SECTION 2. Consent. Notwithstanding any contrary provision
of the Purchase Agreement, each of the parties hereto agrees that the
subdivision of Varian, Inc. heretofore purchased by Jabil Circuit, Inc. shall be
deemed not to be a "New Business Line" for purposes of clause (xviii) of the
definition of "Eligible Receivable".
SECTION 3. Conditions Precedent.

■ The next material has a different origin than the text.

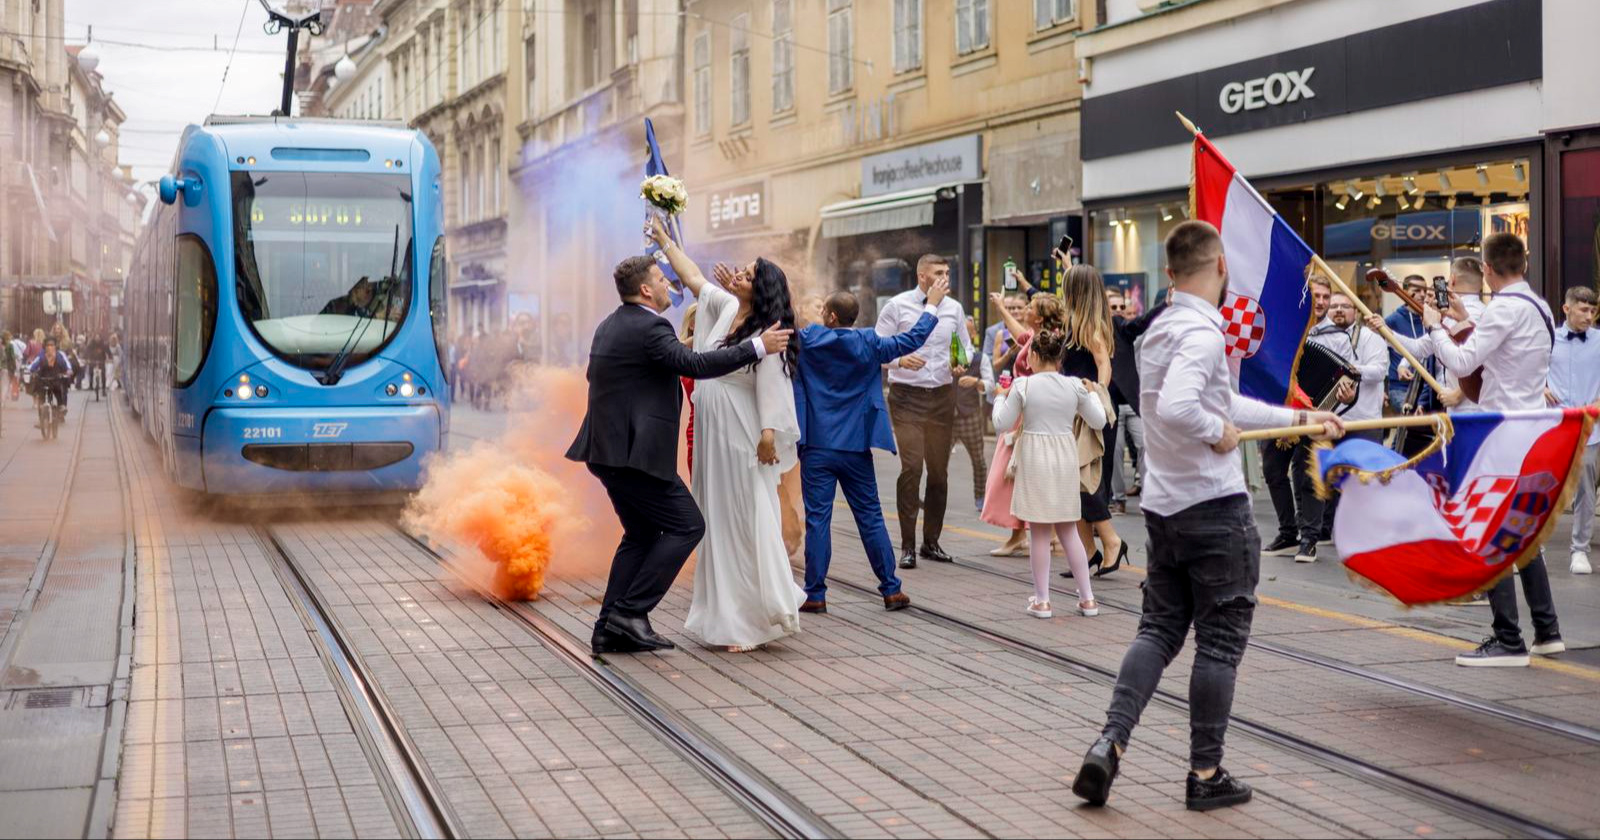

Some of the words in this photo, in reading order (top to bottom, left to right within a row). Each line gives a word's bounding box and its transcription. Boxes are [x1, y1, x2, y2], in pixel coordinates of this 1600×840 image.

[1218, 66, 1315, 114] GEOX
[1370, 224, 1446, 240] GEOX
[243, 427, 282, 438] 22101

This Amendment shall
become effective and be deemed effective, as of the date first above written,
upon the latest to occur of (i) the date hereof, (ii) receipt by the Agent of
one copy of this Amendment duly executed by each of the parties hereto, and
(iii) receipt by the Agent of an amendment fee in the amount of $25,000.
SECTION 4. Covenants, Representations and Warranties of the
Seller and the Servicer.
(a) Upon the effectiveness of this Amendment, each of the
Seller and the Servicer hereby reaffirms all covenants, representations and
warranties made by it in the Purchase Agreement, as amended, and agrees that all
such covenants, representations and warranties shall be deemed to have been
re-made as of the effective date of this Amendment.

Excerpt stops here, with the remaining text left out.